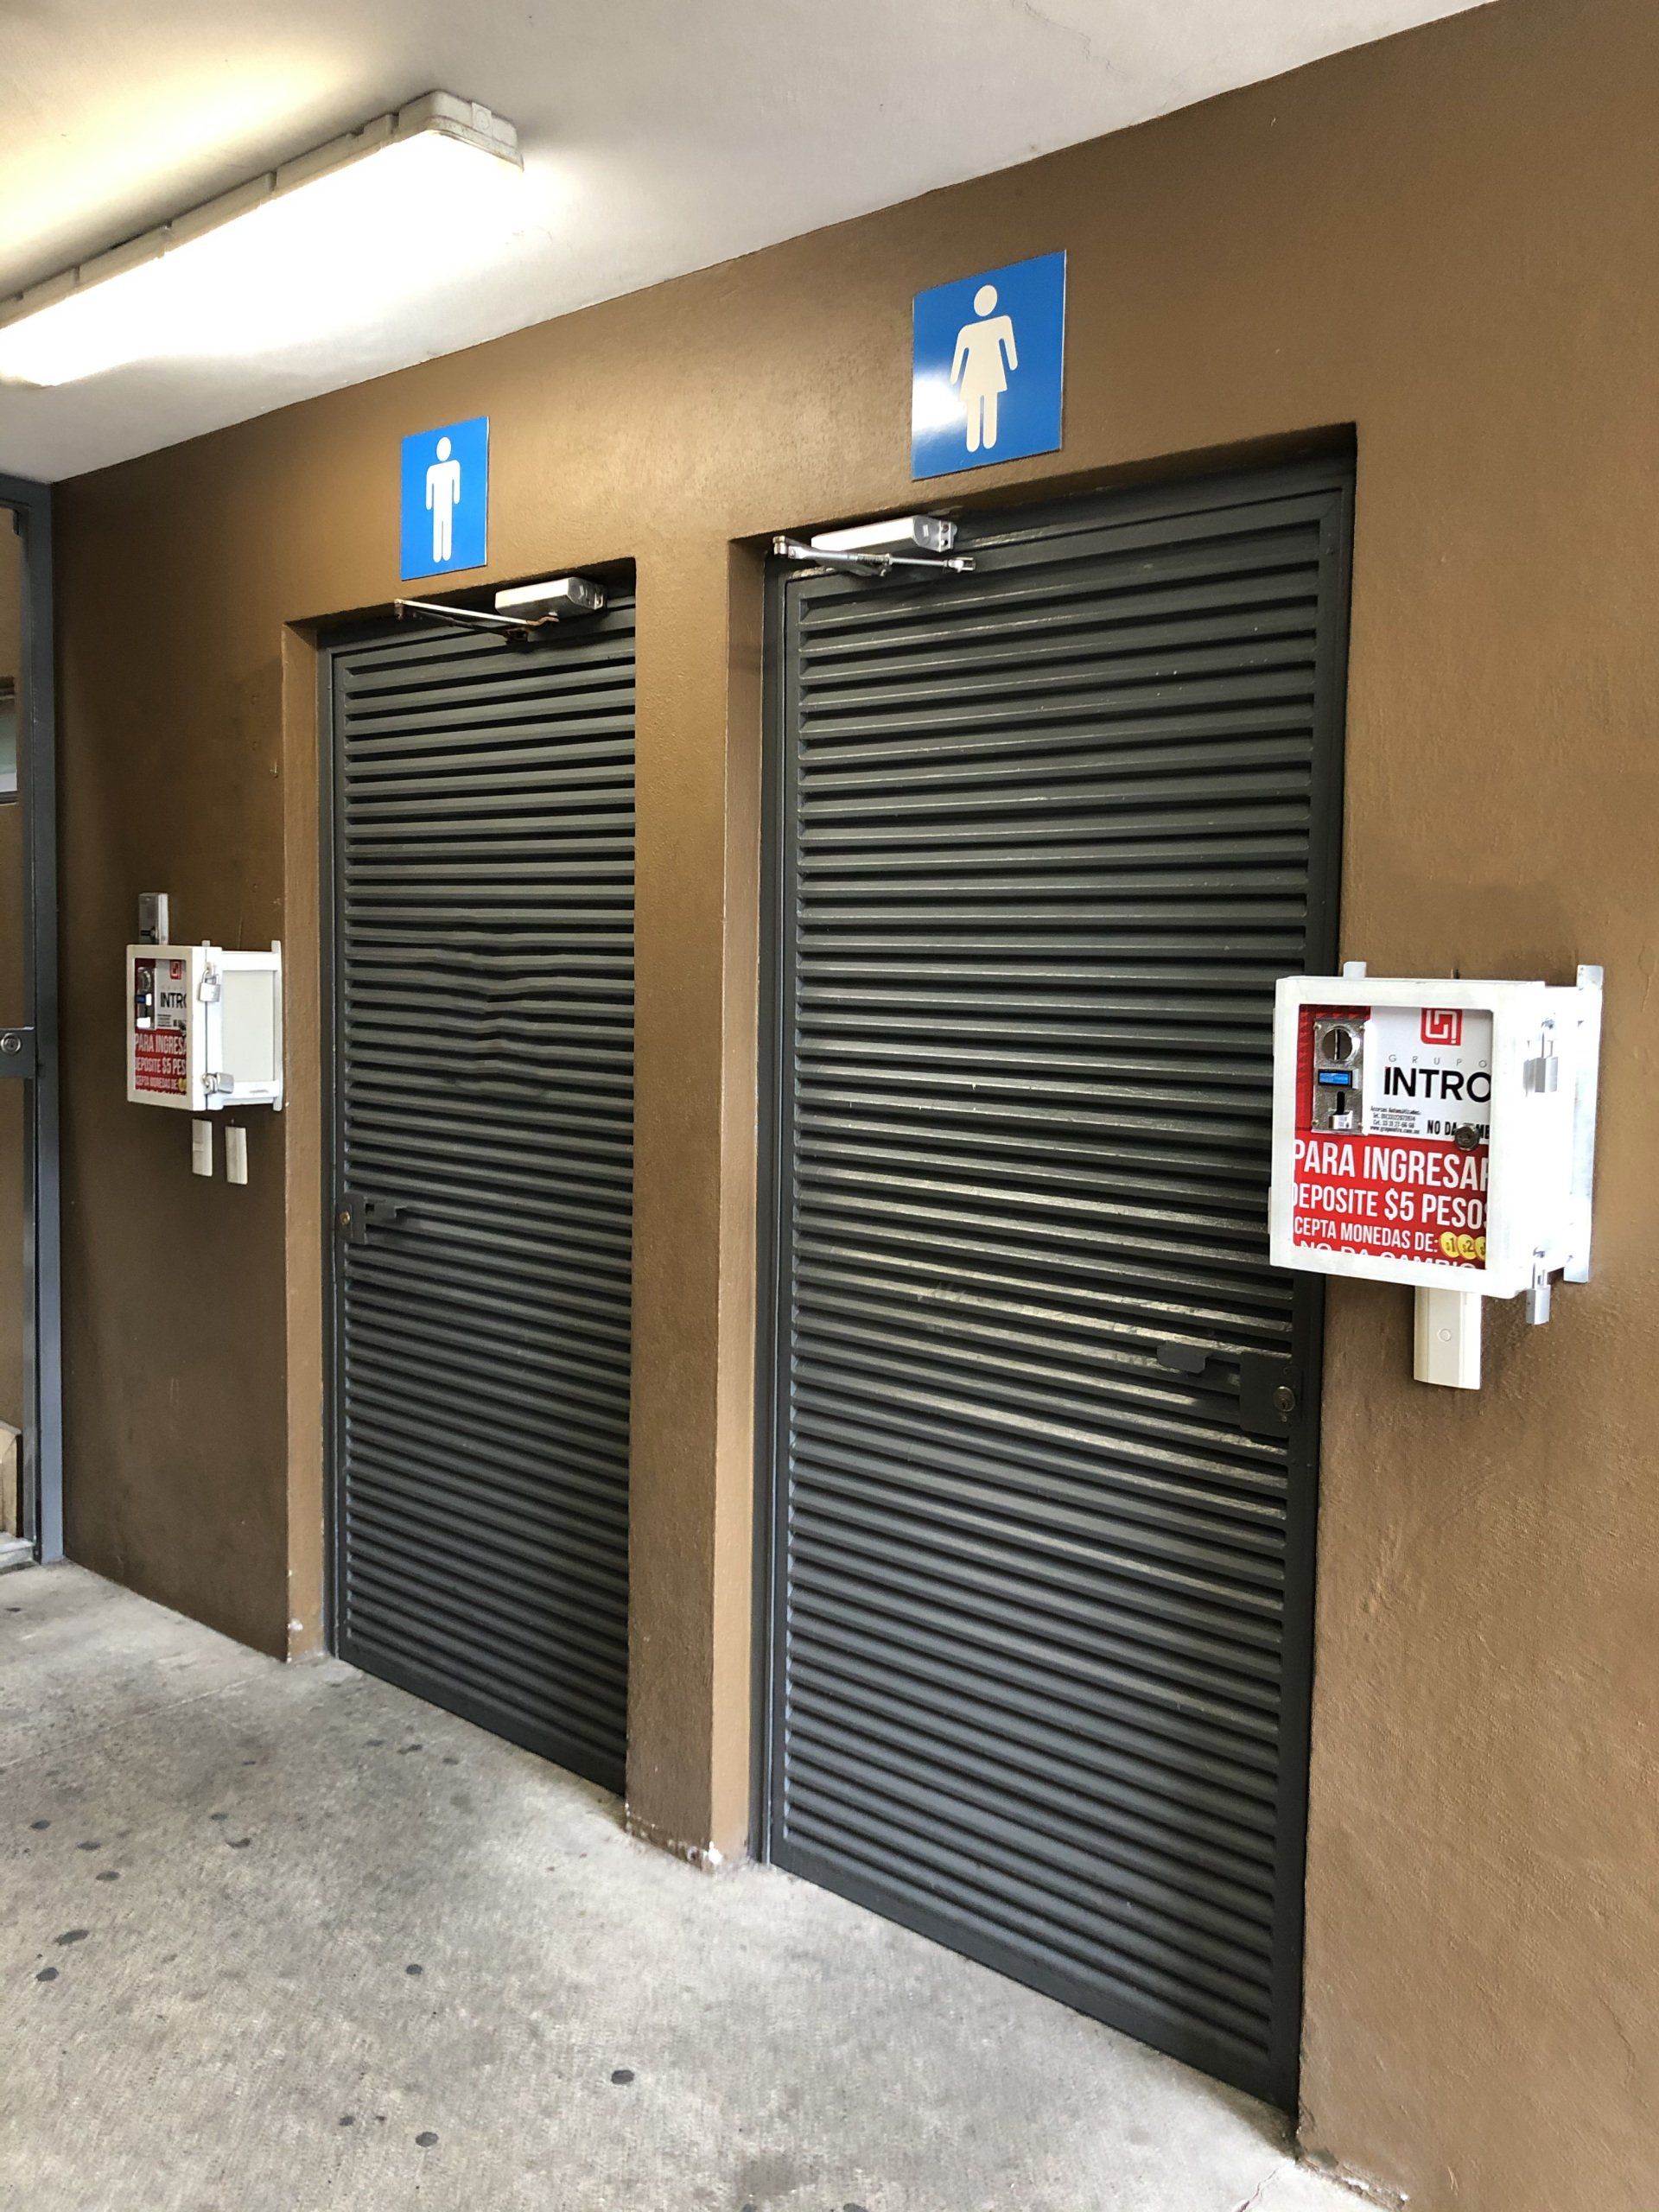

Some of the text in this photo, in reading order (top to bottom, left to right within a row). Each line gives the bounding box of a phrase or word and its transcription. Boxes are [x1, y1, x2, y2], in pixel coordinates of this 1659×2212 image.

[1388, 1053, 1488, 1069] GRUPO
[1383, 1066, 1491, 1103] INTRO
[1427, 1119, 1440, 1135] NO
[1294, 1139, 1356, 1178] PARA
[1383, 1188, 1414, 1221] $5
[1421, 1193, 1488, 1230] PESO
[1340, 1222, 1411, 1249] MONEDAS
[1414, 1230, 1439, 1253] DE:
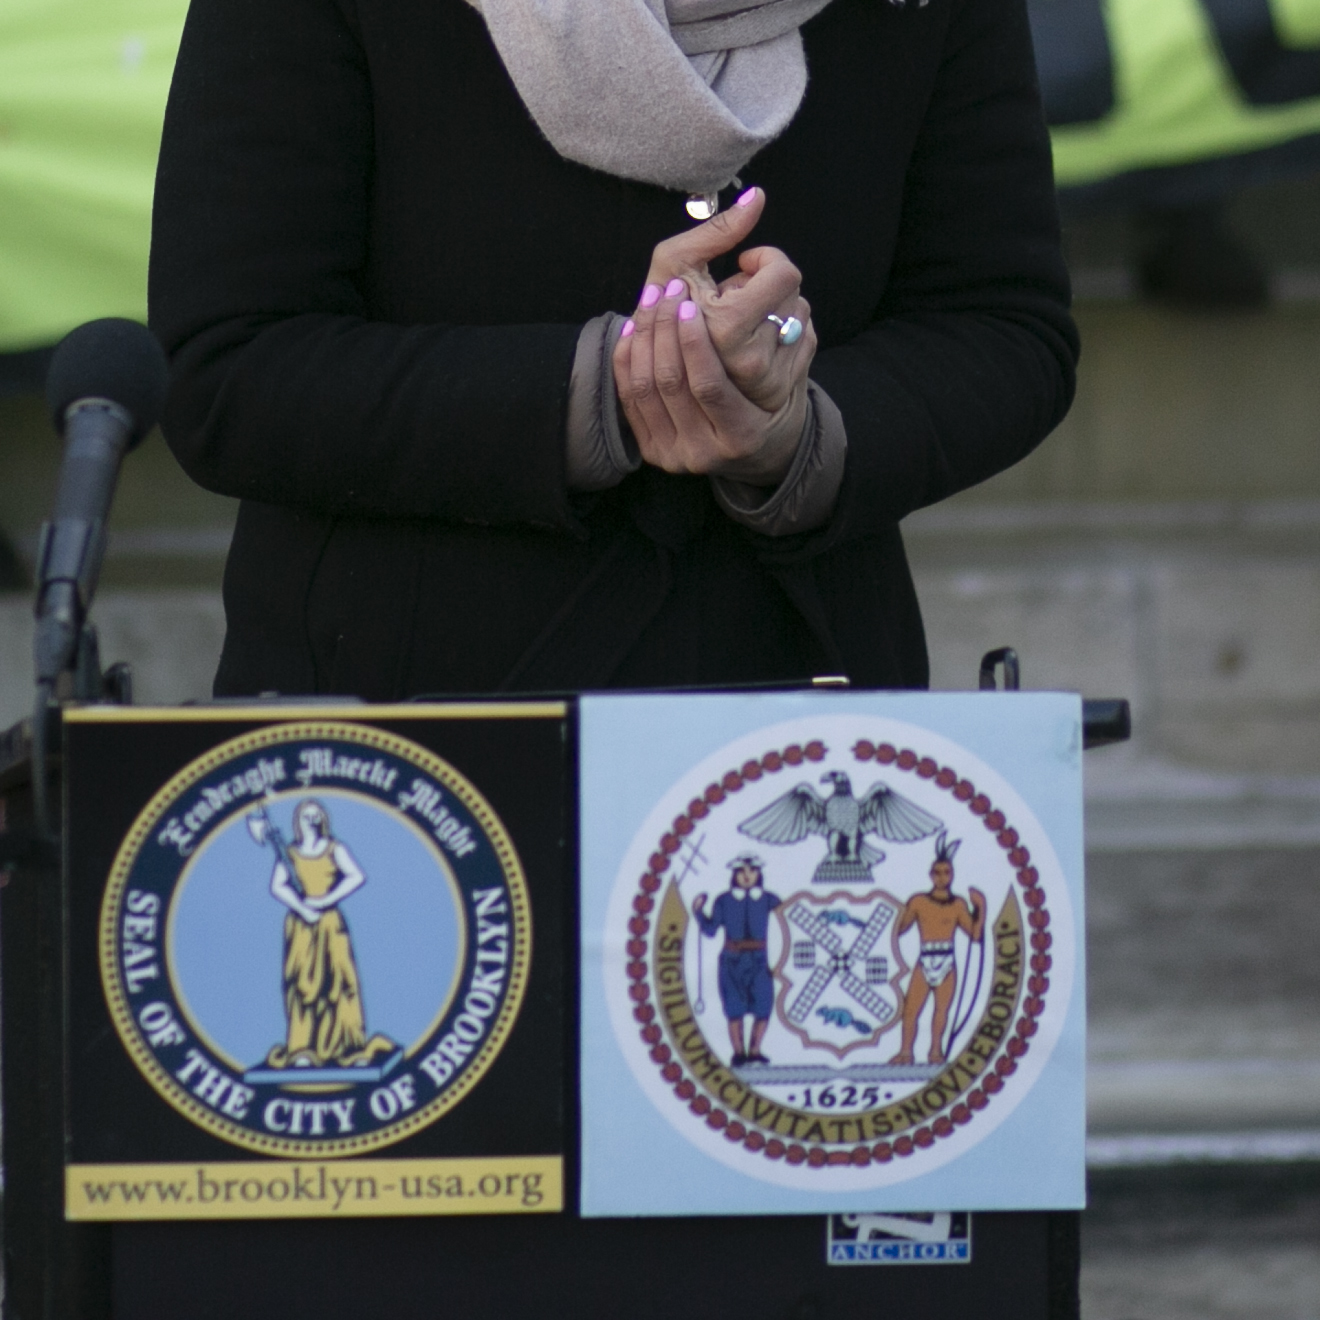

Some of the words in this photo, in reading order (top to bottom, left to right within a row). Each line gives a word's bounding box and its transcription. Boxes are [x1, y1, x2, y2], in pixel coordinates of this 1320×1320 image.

TASK STATEMENT: Restate the entries above word for word, keeping pictures out of the copy.

RESPONSE TO THIS TASK:
Some of the text in this photo, in reading order (top to bottom, left to right within a row). Each line gives the bounding box of a phrase or word and its transcription. Boxes are [x1, y1, x2, y2], in pixel coordinates of this 1659×2212 image.

[1388, 1053, 1488, 1069] GRUPO
[1383, 1066, 1491, 1103] INTRO
[1427, 1119, 1440, 1135] NO
[1294, 1139, 1356, 1178] PARA
[1383, 1188, 1414, 1221] $5
[1421, 1193, 1488, 1230] PESO
[1340, 1222, 1411, 1249] MONEDAS
[1414, 1230, 1439, 1253] DE:

Some of the words in this photo, in reading order (top to bottom, left to right within a row). Each line gives a word's bounding box and its transcription. Boxes are [x1, y1, x2, y2], in pixel coordinates of this 1320×1320 image.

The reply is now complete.